RECORDS FOR THIS TASK
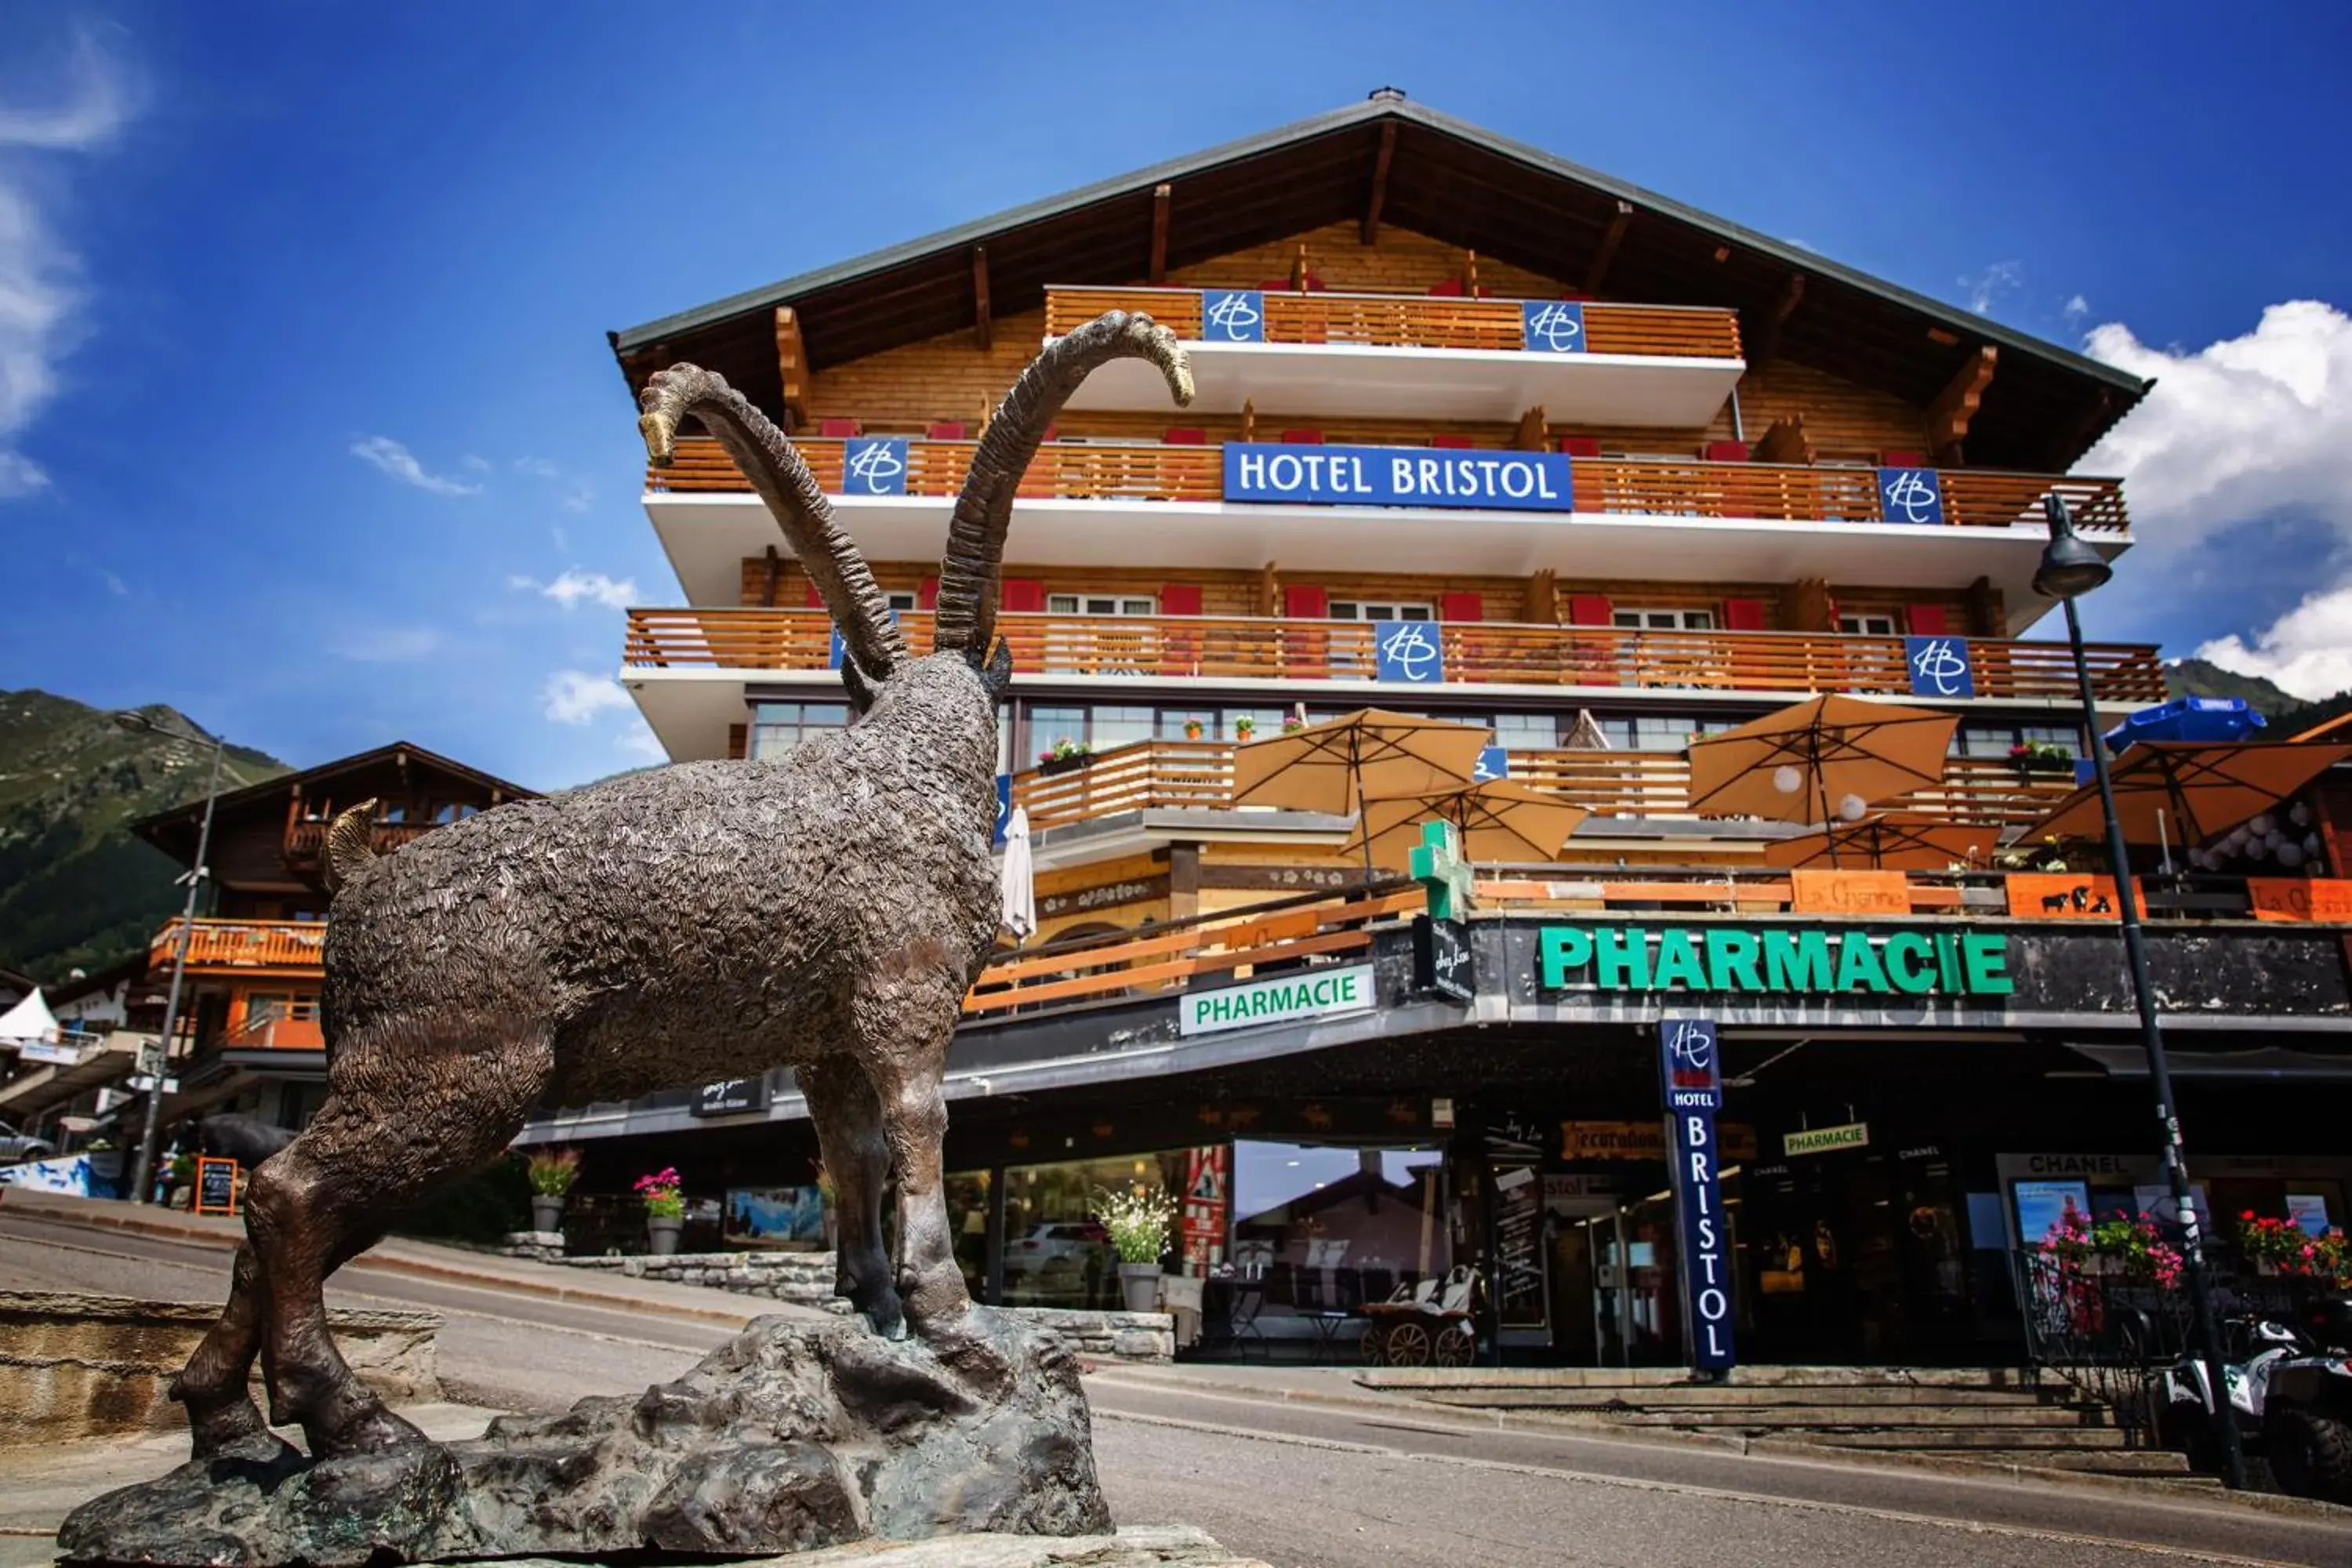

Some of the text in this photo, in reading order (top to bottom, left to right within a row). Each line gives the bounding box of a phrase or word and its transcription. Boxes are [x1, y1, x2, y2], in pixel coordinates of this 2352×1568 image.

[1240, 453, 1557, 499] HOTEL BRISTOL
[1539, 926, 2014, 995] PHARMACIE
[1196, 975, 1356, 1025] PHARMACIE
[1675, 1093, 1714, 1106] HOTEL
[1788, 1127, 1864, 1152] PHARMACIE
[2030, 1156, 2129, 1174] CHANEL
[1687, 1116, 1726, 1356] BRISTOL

EXERCISE OBJECTIVE
Set down all entries above again, exactly, without images.

OUTPUT BELOW
Some of the text in this photo, in reading order (top to bottom, left to right within a row). Each line gives the bounding box of a phrase or word and its transcription. Boxes are [x1, y1, x2, y2], in pixel coordinates of this 2352×1568 image.

[1240, 453, 1557, 499] HOTEL BRISTOL
[1539, 926, 2014, 995] PHARMACIE
[1196, 975, 1356, 1025] PHARMACIE
[1675, 1093, 1714, 1106] HOTEL
[1788, 1127, 1864, 1152] PHARMACIE
[2030, 1156, 2129, 1174] CHANEL
[1687, 1116, 1726, 1356] BRISTOL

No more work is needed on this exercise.